▶ [Problem details]
Repeat the listing exactly, line by line, and leave the pictures behind.

+===+

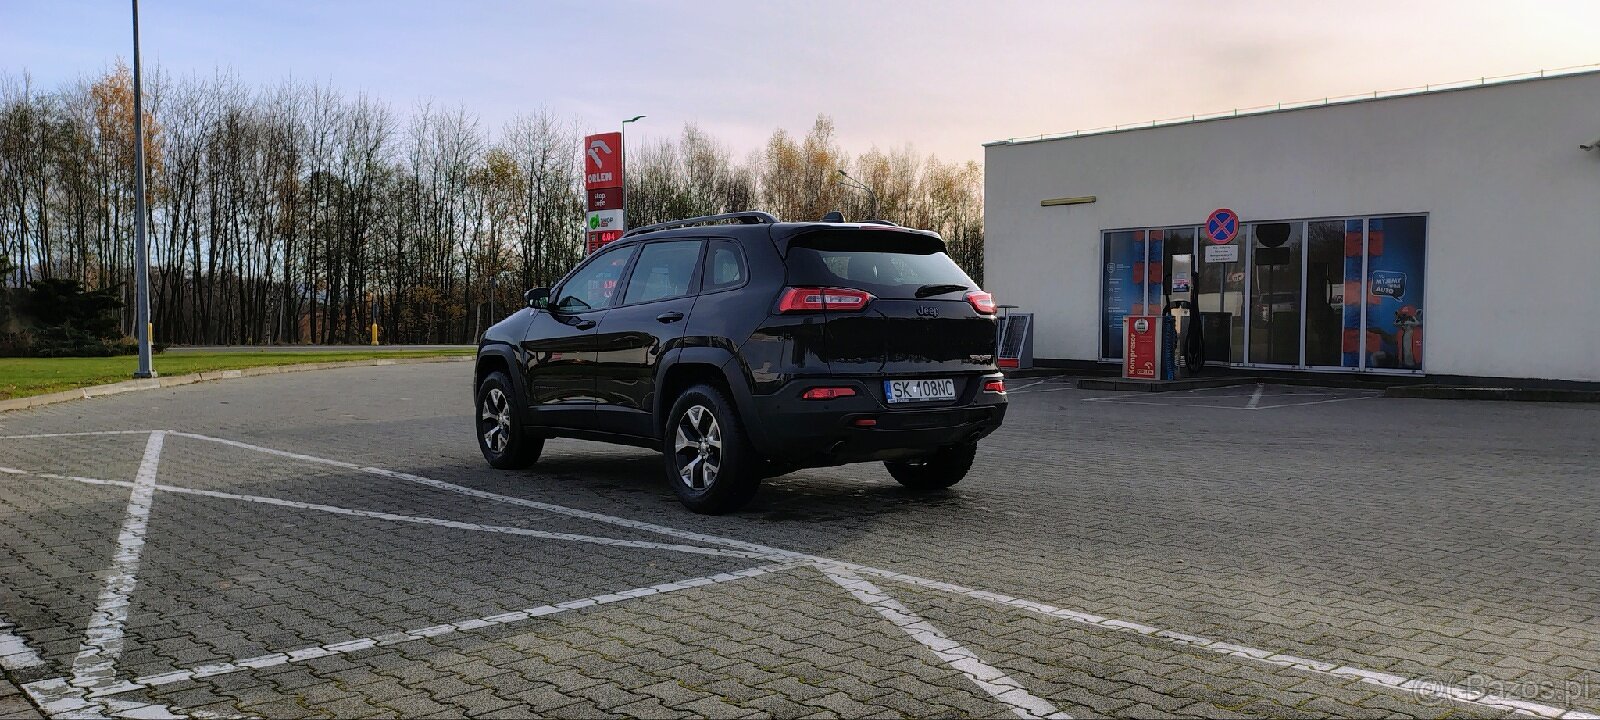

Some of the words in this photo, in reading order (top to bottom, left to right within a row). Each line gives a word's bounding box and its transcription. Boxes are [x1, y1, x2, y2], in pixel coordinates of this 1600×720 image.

[587, 172, 612, 183] ORLEN
[1375, 286, 1394, 294] AUTO
[917, 305, 939, 317] Jeep
[1129, 332, 1138, 374] Kompresor
[893, 381, 912, 398] SK
[916, 380, 953, 397] 108NC

+===+

▶ [Solved problem]
Some of the words in this photo, in reading order (top to bottom, left to right within a row). Each line gives a word's bounding box and its transcription. Boxes are [x1, y1, x2, y2], in pixel coordinates of this 1600×720 image.

[587, 172, 612, 183] ORLEN
[1375, 286, 1394, 294] AUTO
[917, 305, 939, 317] Jeep
[1129, 332, 1138, 374] Kompresor
[893, 381, 912, 398] SK
[916, 380, 953, 397] 108NC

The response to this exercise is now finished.